EXERCISE PROMPT →
From the line that contains "this 1234×1645 image." to the last line of the data, every line is to be transcribed exactly; no other line is to be included.

MATERIAL SHOWN →
-- Opening Marker --

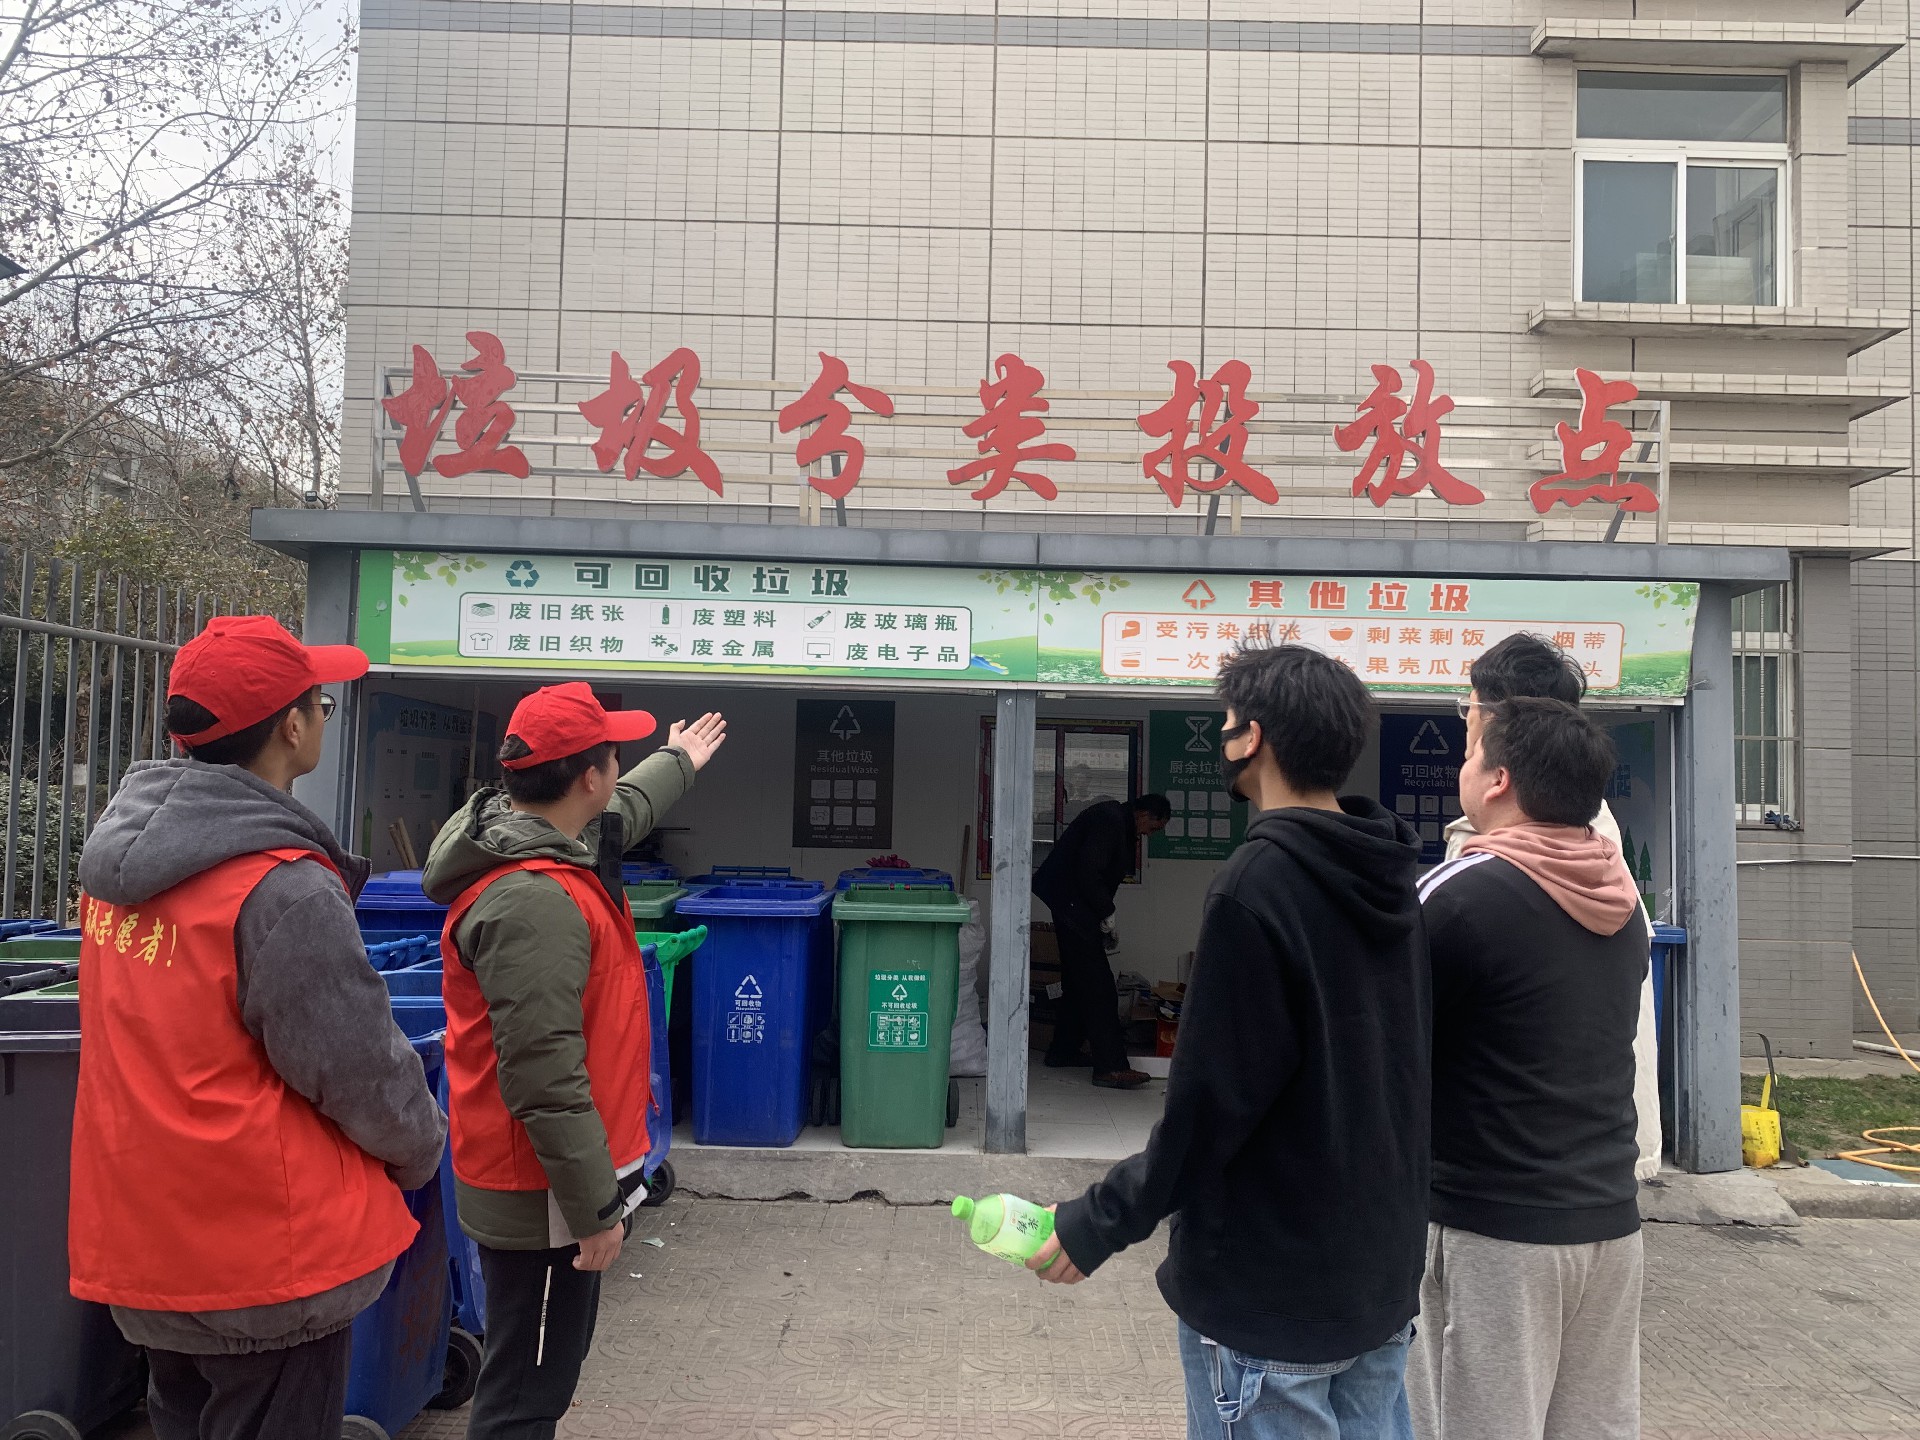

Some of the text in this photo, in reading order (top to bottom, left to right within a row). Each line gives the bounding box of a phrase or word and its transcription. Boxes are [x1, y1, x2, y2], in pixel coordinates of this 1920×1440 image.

[382, 331, 1660, 514] 垃圾分类投放点
[573, 562, 849, 597] 可回收垃圾
[1248, 580, 1470, 612] 其他垃圾
[509, 602, 625, 622] 废旧纸张
[692, 608, 777, 628] 废塑料
[844, 611, 958, 632] 废玻璃瓶
[1156, 621, 1301, 641] 受污染纸张
[1367, 627, 1485, 646] 剩菜剩饭
[507, 633, 624, 653] 废旧织物
[690, 638, 775, 658] 废金属
[846, 642, 959, 662] 废电子品
[816, 750, 873, 764] 其他垃圾
[810, 765, 879, 775] Residual Waste
[1400, 764, 1459, 779] 可回收物
[1172, 776, 1196, 786] Food
[1404, 778, 1455, 789] Recyclable
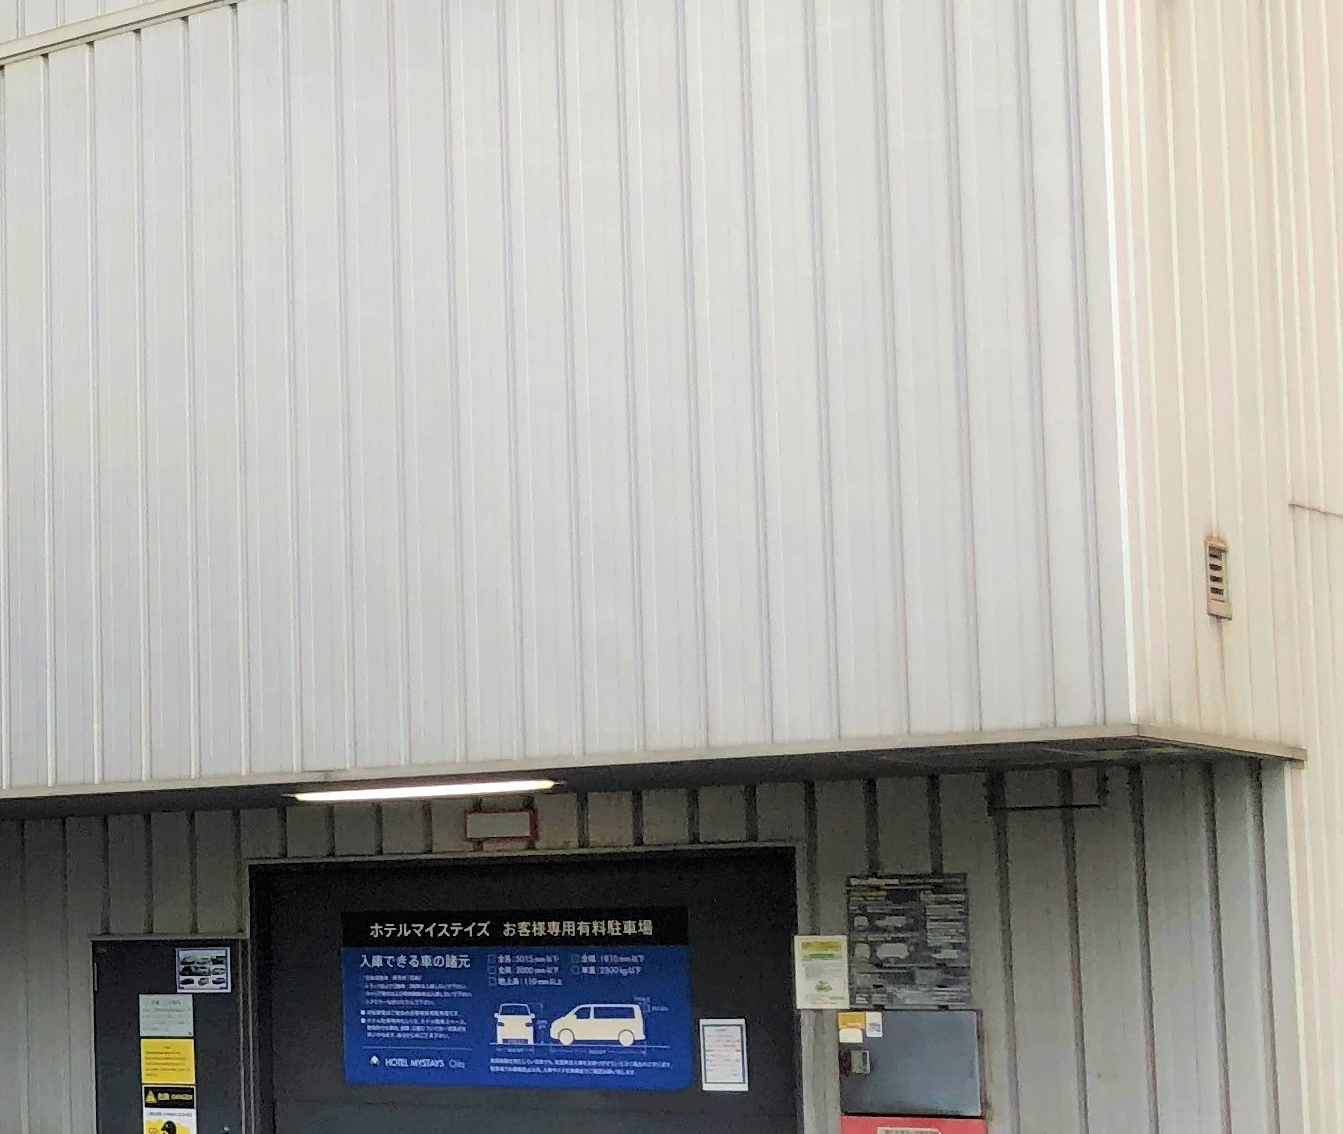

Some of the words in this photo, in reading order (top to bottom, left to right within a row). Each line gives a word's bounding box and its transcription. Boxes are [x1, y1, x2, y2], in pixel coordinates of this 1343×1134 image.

[370, 921, 490, 938] ホテルマイステイズ
[503, 920, 652, 937] お客様専用有料駐車場
[360, 955, 470, 968] 入庫できる車の諸元
[385, 1058, 409, 1068] HOTEL
[410, 1058, 445, 1068] MYSTAYS
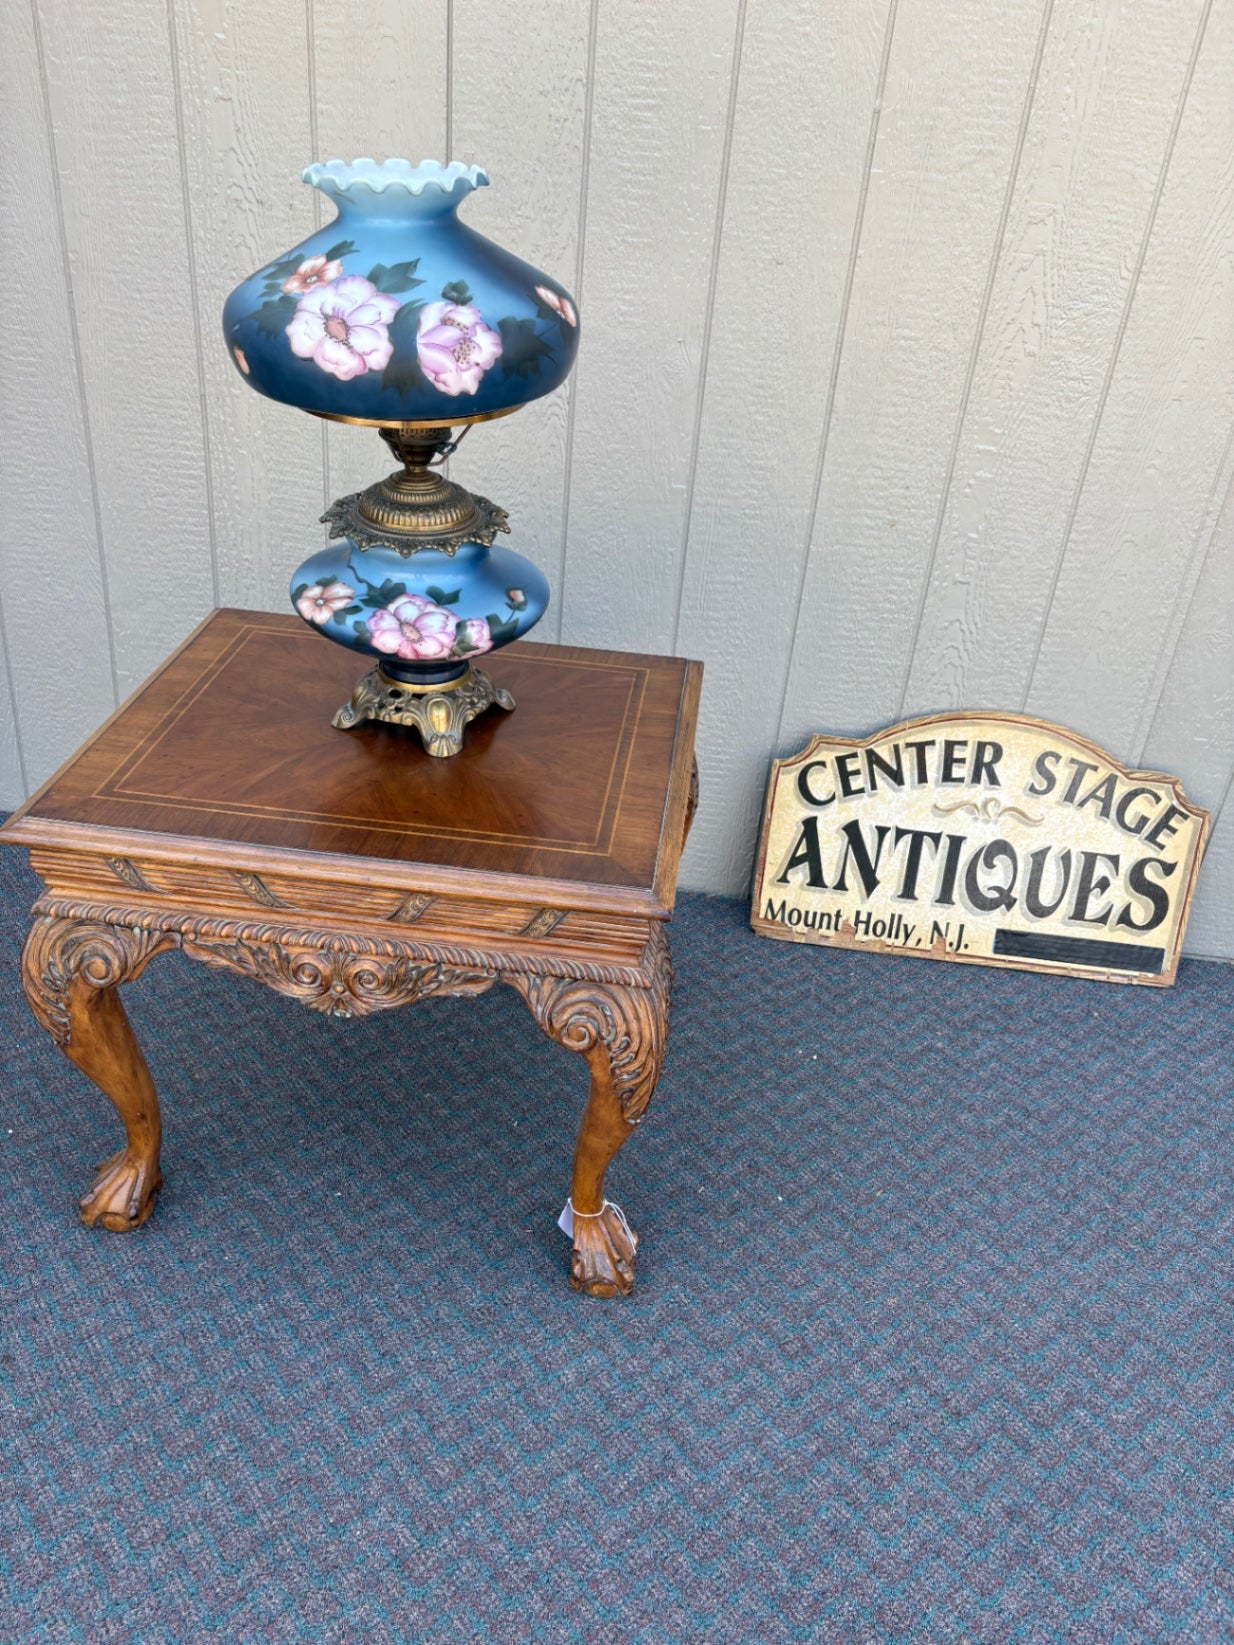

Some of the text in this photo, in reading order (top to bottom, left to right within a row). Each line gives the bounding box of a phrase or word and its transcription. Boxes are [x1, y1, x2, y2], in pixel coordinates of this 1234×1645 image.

[797, 740, 1190, 851] CENTER STAGE
[764, 898, 969, 952] Mount Holly, N.J.
[776, 815, 1178, 931] ANTIQUES

-- Closing Marker --

OUTPUT BELOW →
Some of the text in this photo, in reading order (top to bottom, left to right within a row). Each line gives the bounding box of a phrase or word and its transcription. Boxes are [x1, y1, x2, y2], in pixel coordinates of this 1234×1645 image.

[797, 740, 1190, 851] CENTER STAGE
[764, 898, 969, 952] Mount Holly, N.J.
[776, 815, 1178, 931] ANTIQUES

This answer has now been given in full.